#### THE TASK:
Could you restate every entry word for word, minus the pictures?

- - -

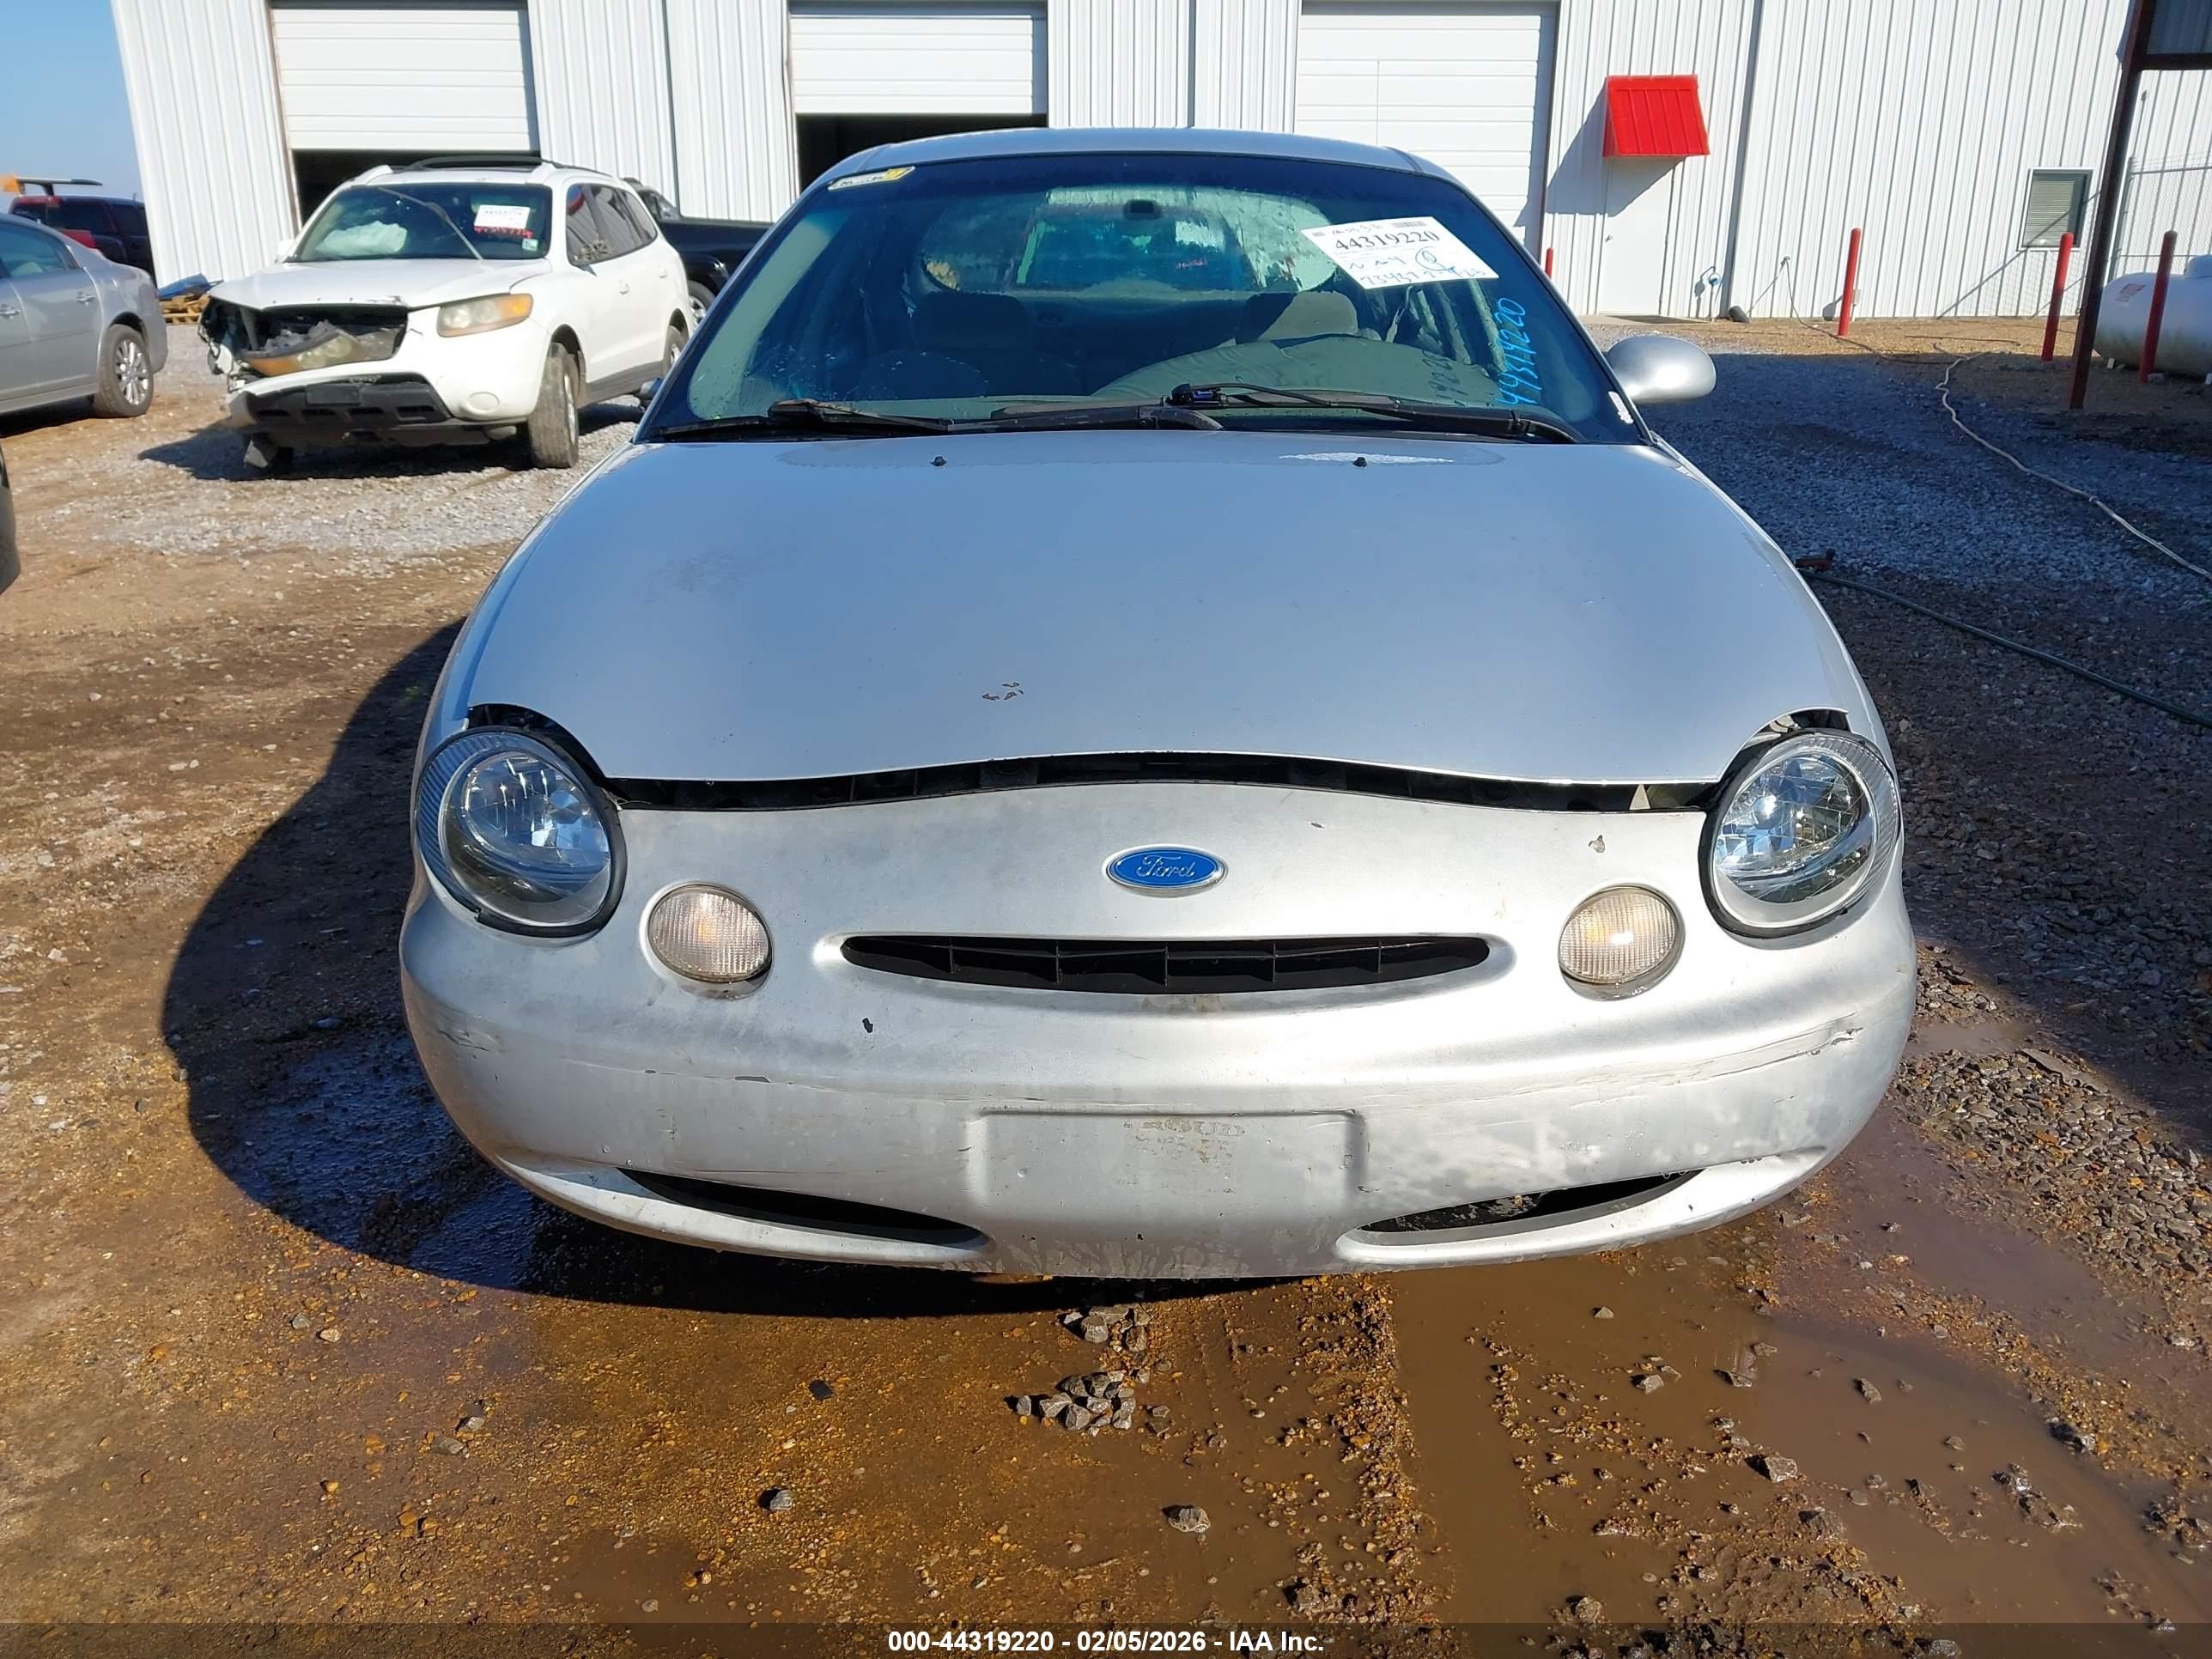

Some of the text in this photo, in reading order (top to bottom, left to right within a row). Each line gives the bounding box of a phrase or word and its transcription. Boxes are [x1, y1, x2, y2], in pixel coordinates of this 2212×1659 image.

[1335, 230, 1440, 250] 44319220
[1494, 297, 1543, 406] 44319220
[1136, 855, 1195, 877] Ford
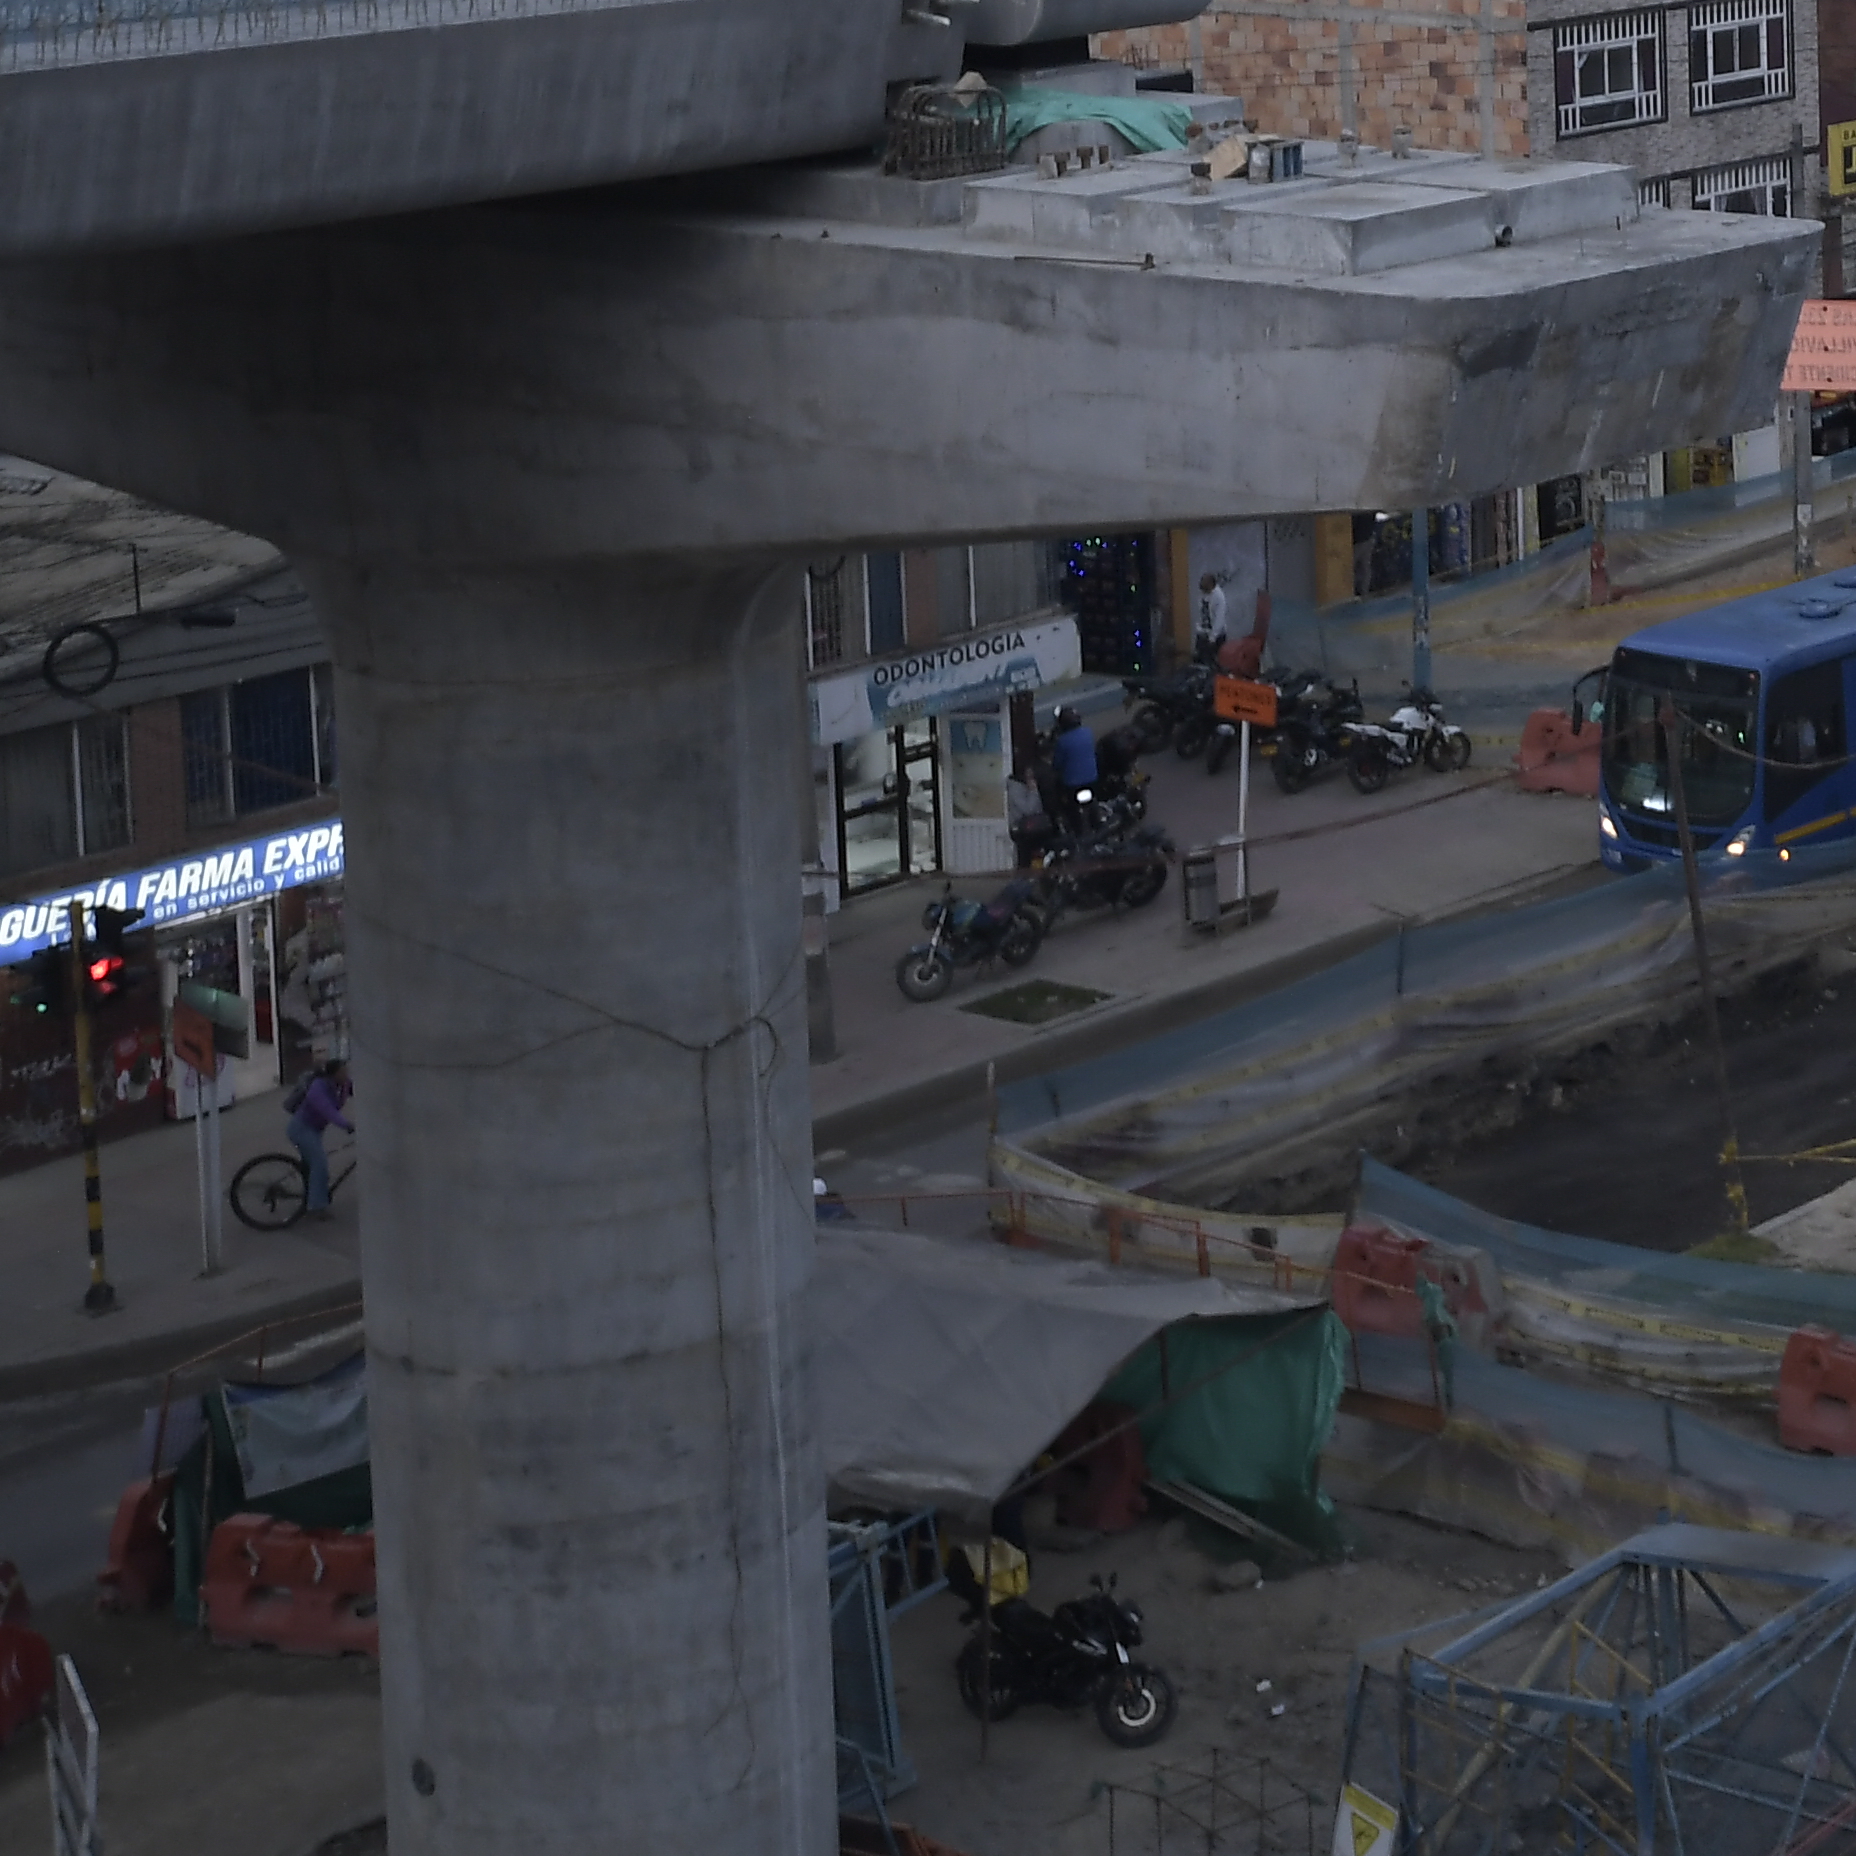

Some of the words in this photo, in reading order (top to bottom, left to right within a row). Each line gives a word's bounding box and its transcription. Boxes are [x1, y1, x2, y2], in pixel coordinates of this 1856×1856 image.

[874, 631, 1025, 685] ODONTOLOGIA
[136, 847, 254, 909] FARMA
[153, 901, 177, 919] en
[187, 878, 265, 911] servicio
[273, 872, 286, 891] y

- - -

#### REPLY:
Some of the text in this photo, in reading order (top to bottom, left to right within a row). Each line gives the bounding box of a phrase or word and its transcription. Boxes are [x1, y1, x2, y2], in pixel coordinates of this 2212×1659 image.

[1335, 230, 1440, 250] 44319220
[1494, 297, 1543, 406] 44319220
[1136, 855, 1195, 877] Ford

Some of the words in this photo, in reading order (top to bottom, left to right within a row). Each line gives a word's bounding box and its transcription. Boxes are [x1, y1, x2, y2], in pixel coordinates of this 1856×1856 image.

[874, 631, 1025, 685] ODONTOLOGIA
[136, 847, 254, 909] FARMA
[153, 901, 177, 919] en
[187, 878, 265, 911] servicio
[273, 872, 286, 891] y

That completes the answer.